Embryonic manipulations shape life-long, heritable stress responses through complex epigenetic mechanisms: a review

Enhancing an organism’s likelihood of survival hinges on fostering a balanced and adaptable development of robust stress response systems. This critical process is significantly influenced by the embryonic environment, which plays a pivotal role in shaping neural circuits that define the stress response set-point. While certain embryonic conditions offer advantageous outcomes, others can lead to maladaptive responses. The establishment of this response set-point during embryonic development can exert life-long and inheritable effects on an organism’s physiology and behavior. This review highlights the significance of multilevel epigenetic regulation and the intricate cross-talk among these layers in response to heat stress during the embryonic period, with a particular focus on insights gained from the avian model.

Introduction

In an individual, there are probably initial stress-response set points that are determined genetically (Daskalakis et al., 2013). Nevertheless, the intricate interplay of genetic and epigenetic factors during embryonic development further shapes the trajectory of stress response systems. This interweaving of genetic predispositions and environmental cues establishes a foundation for an organism’s lifelong stress coping mechanisms. On one hand, poor embryonic development may lead to adult adversities (Galler and Rabinowitz, 2014; O’Donnell and Meaney, 2017). On the other hand, the embryonic environment can have a beneficial effect on improving stress tolerance (Pribenszky et al., 2010; Rosenberg et al., 2022). Hence, understanding and optimizing embryonic conditions hold promise for not only individual survival but also for the transmission of adaptive traits across generations. While the life-long effects of the embryonic environment are clear and apparent, the mechanisms underlying the adjustment of the set-point and its epigenetic inheritance are only starting to be revealed.

The chick model serves as an invaluable tool for investigating the life-long and heritable effects of embryonic heat stress

To investigate the intricate mechanisms underlying the long-lasting impact of stress during embryonic development, a robust research model becomes imperative. While manipulating embryos in mammals poses challenges, often reliant on maternal factors influenced by abnormal pregnancies like maternal addiction (Bara et al., 2021), or over nutrition (Sarker et al., 2019) the avian chick emerges as an ideal candidate. Its ease of manipulation and pharmacological intervention, along with the lack of maternal dependence in these precocial birds, and immediate post-hatch learning abilities, render chicks an optimal system for studying developmental responses to environmental stressors (Frésard et al., 2013; Yahav and Brake, 2014; Bednarczyk et al., 2021). Moreover, their readily measurable post-hatch behavioral repertoire, alongside a hypothalamic thermal control system very similar to that of mammals, which resides in the preoptic area/hypothalamus (PO/AH), enhances their suitability for comprehensive research (Tan and Knight, 2018; Bohler et al., 2021).

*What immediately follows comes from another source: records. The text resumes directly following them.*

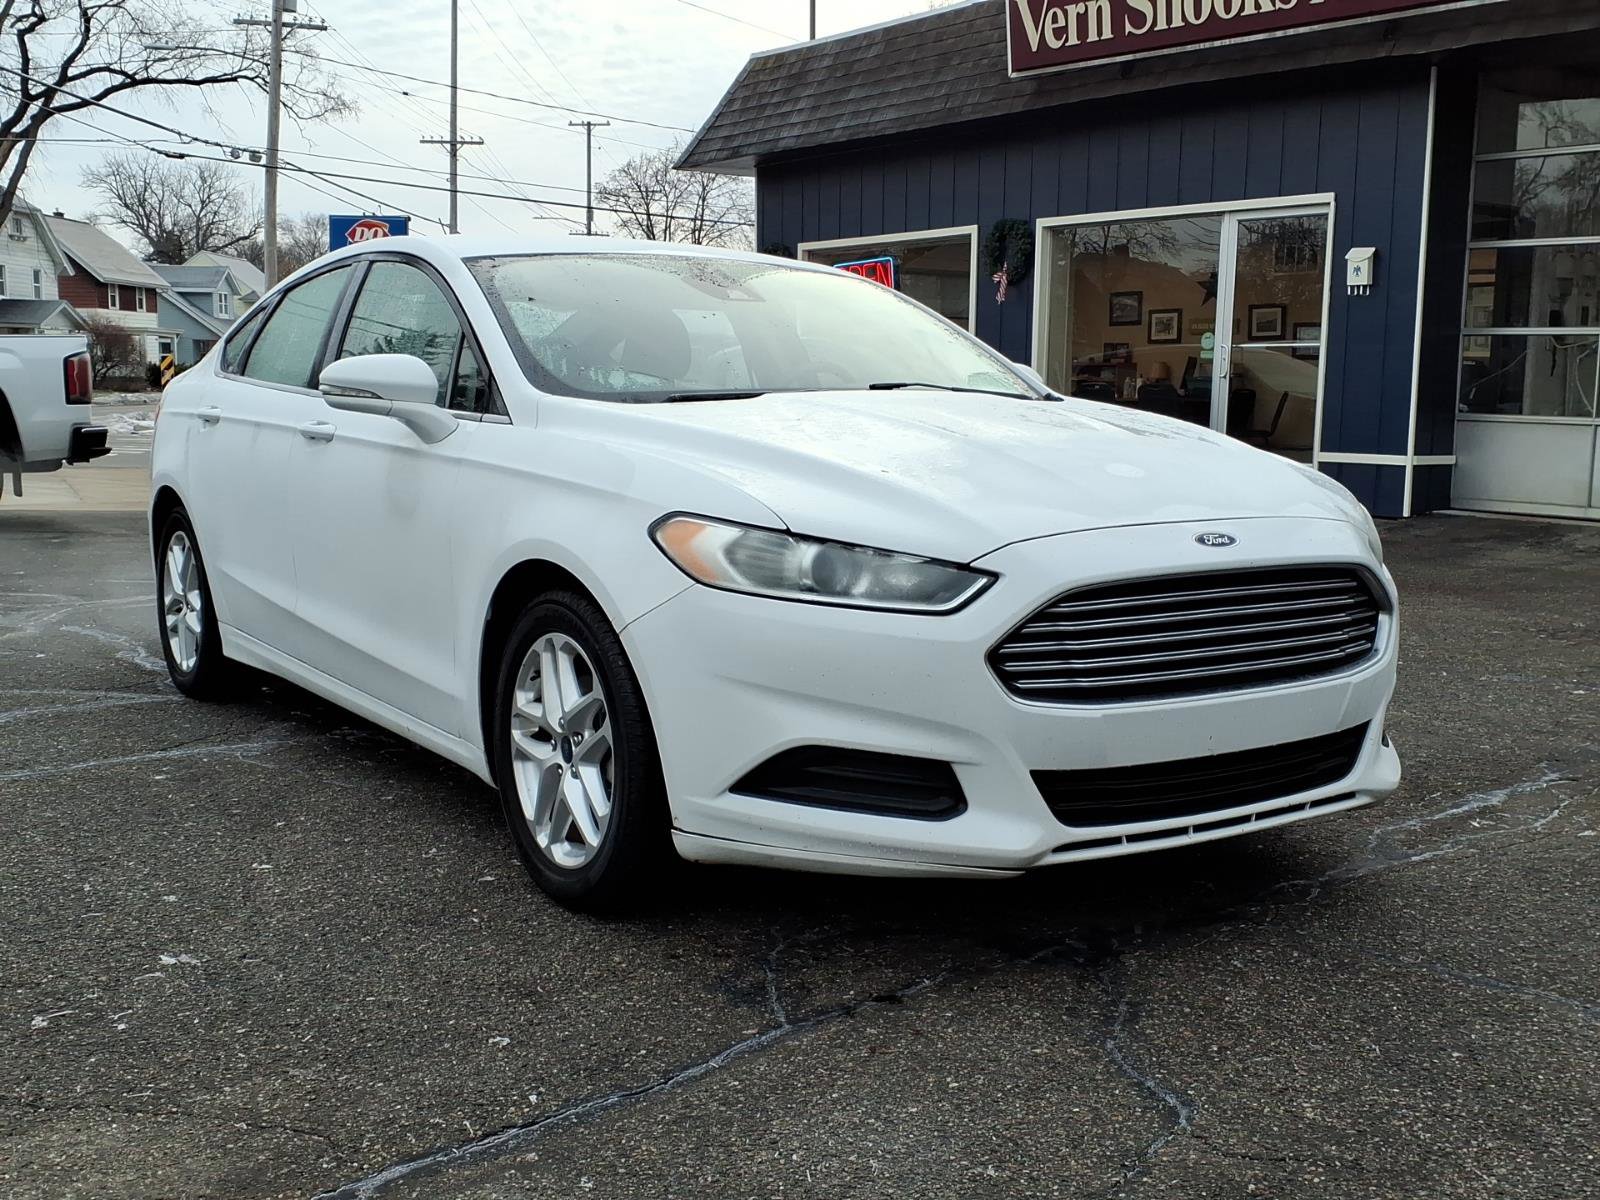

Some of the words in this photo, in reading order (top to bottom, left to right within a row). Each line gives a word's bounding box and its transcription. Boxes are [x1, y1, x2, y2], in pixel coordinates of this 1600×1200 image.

[1015, 0, 1114, 52] Vern
[1124, 0, 1298, 36] Sno
[840, 262, 892, 289] EN
[1203, 534, 1231, 545] Ford
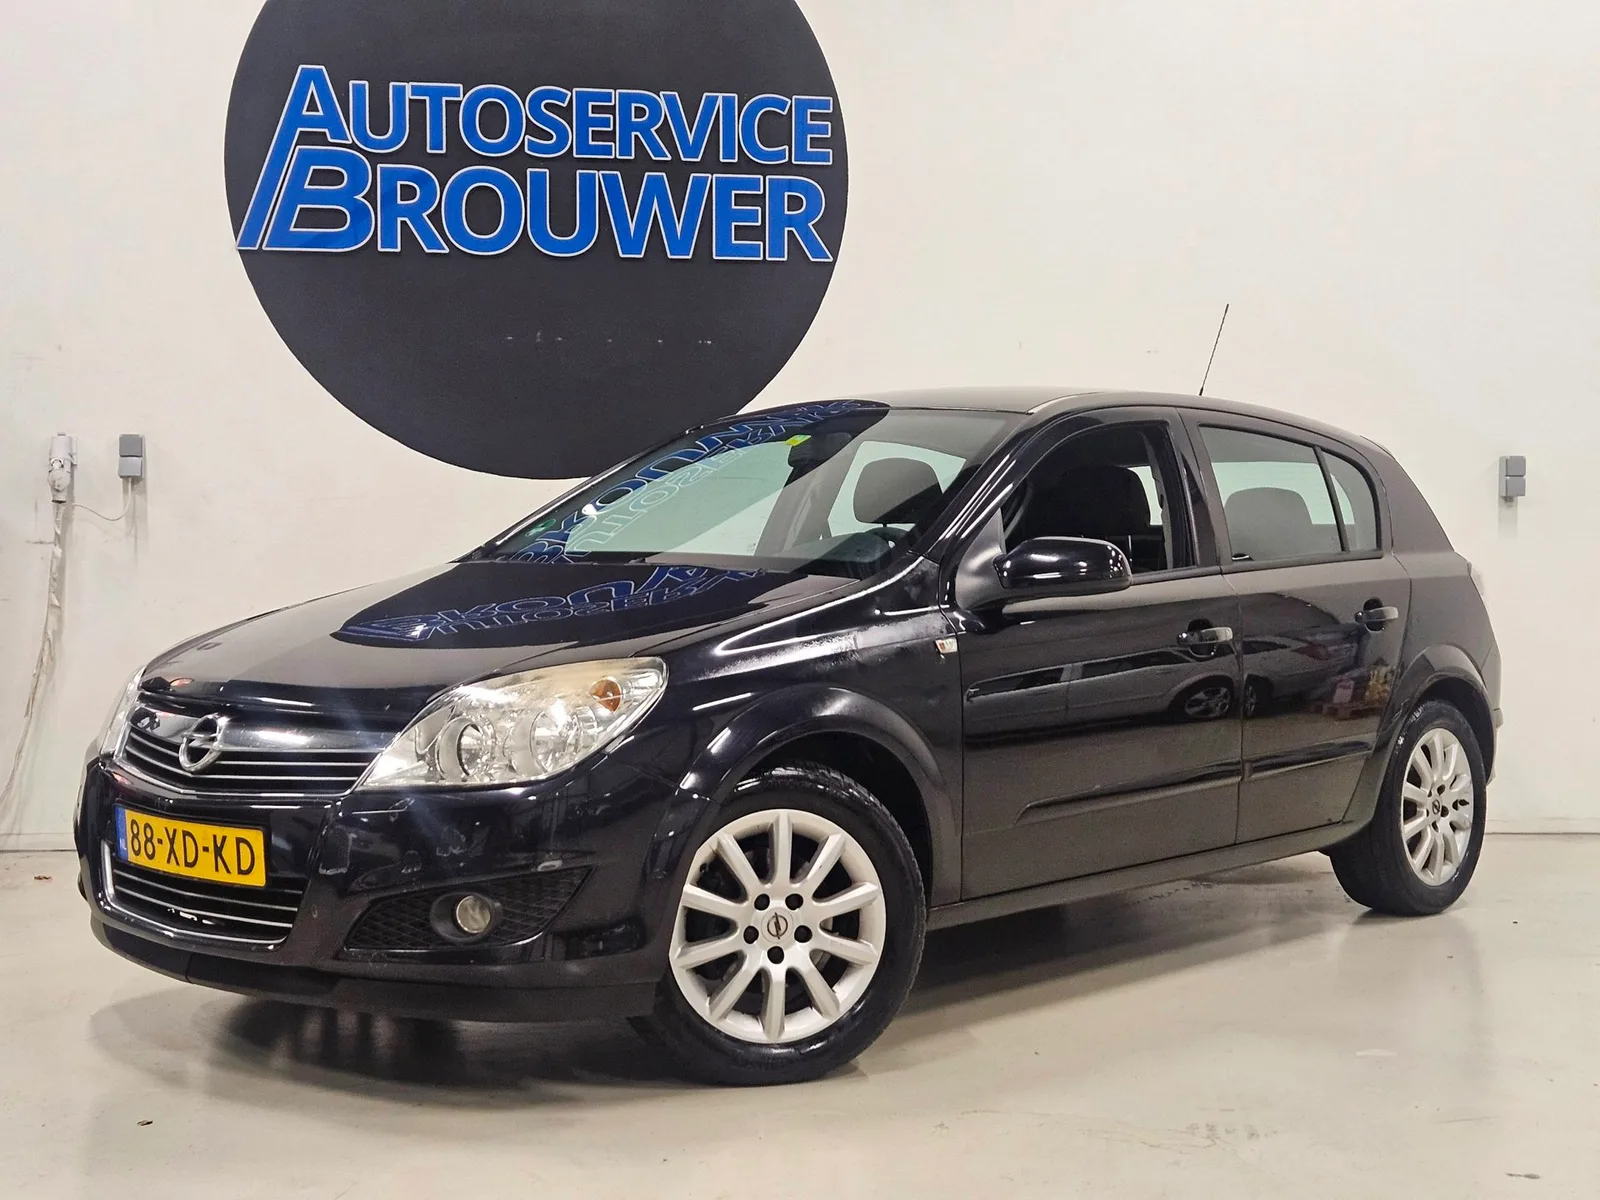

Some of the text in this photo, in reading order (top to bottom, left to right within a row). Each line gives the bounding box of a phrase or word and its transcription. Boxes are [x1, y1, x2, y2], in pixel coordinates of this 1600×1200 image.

[237, 65, 833, 250] AUTOSERVICE
[262, 146, 833, 262] BROUWER
[130, 818, 256, 876] 88-XD-KD

In recent years, both our team and others have pioneered the use of a chick model to investigate responses to embryonic and early-life thermal stress (Loyau et al., 2016; Cramer et al., 2019; Rosenberg et al., 2020, 2021, 2022; Iraqi et al., 2024). These studies have indicated that enhancing thermotolerance in poultry is achievable through exposure to elevated ambient temperatures during embryogenesis. This embryonic heat conditioning (EHC) involves subjecting fertilized eggs to cyclic fluctuations in incubation temperature during days 7–16 of the incubation, resulting in increased thermal resilience (Piestun et al., 2008, 2009; Loyau et al., 2015). Moreover, our research has elucidated that the ‘memory’ of thermal stress response is governed by the PO/AH and is intricately regulated by multilevel epigenetic mechanisms (Rosenberg et al., 2020, 2021, 2022). Furthermore, EHC beneficial effect on heat resilience has broader consequences, since in recent years, it was shown that conditioning to one stressor can induce resilience to another, different one. For example, thermal conditioning induces neuroprotection against traumatic brain injury (Umschweif et al., 2014). This phenomenon, known as cross-tolerance, is attributed to tissue-specific activation of generic stress signaling (Horowitz, 2017). Indeed, we showed in addition to thermotolerance, EHC induces cross-tolerance with the immune system, attenuating hypothalamic inflammation, following lipopolysaccharide (LPS) challenge, manifested by reduced febrile response, reduced expression of LPS induced immune related genes such as TNF factor (LITAF), NFκB and IL6, and less nuclear localization and activation of NFκB in the hypothalamus (Rosenberg et al., 2021).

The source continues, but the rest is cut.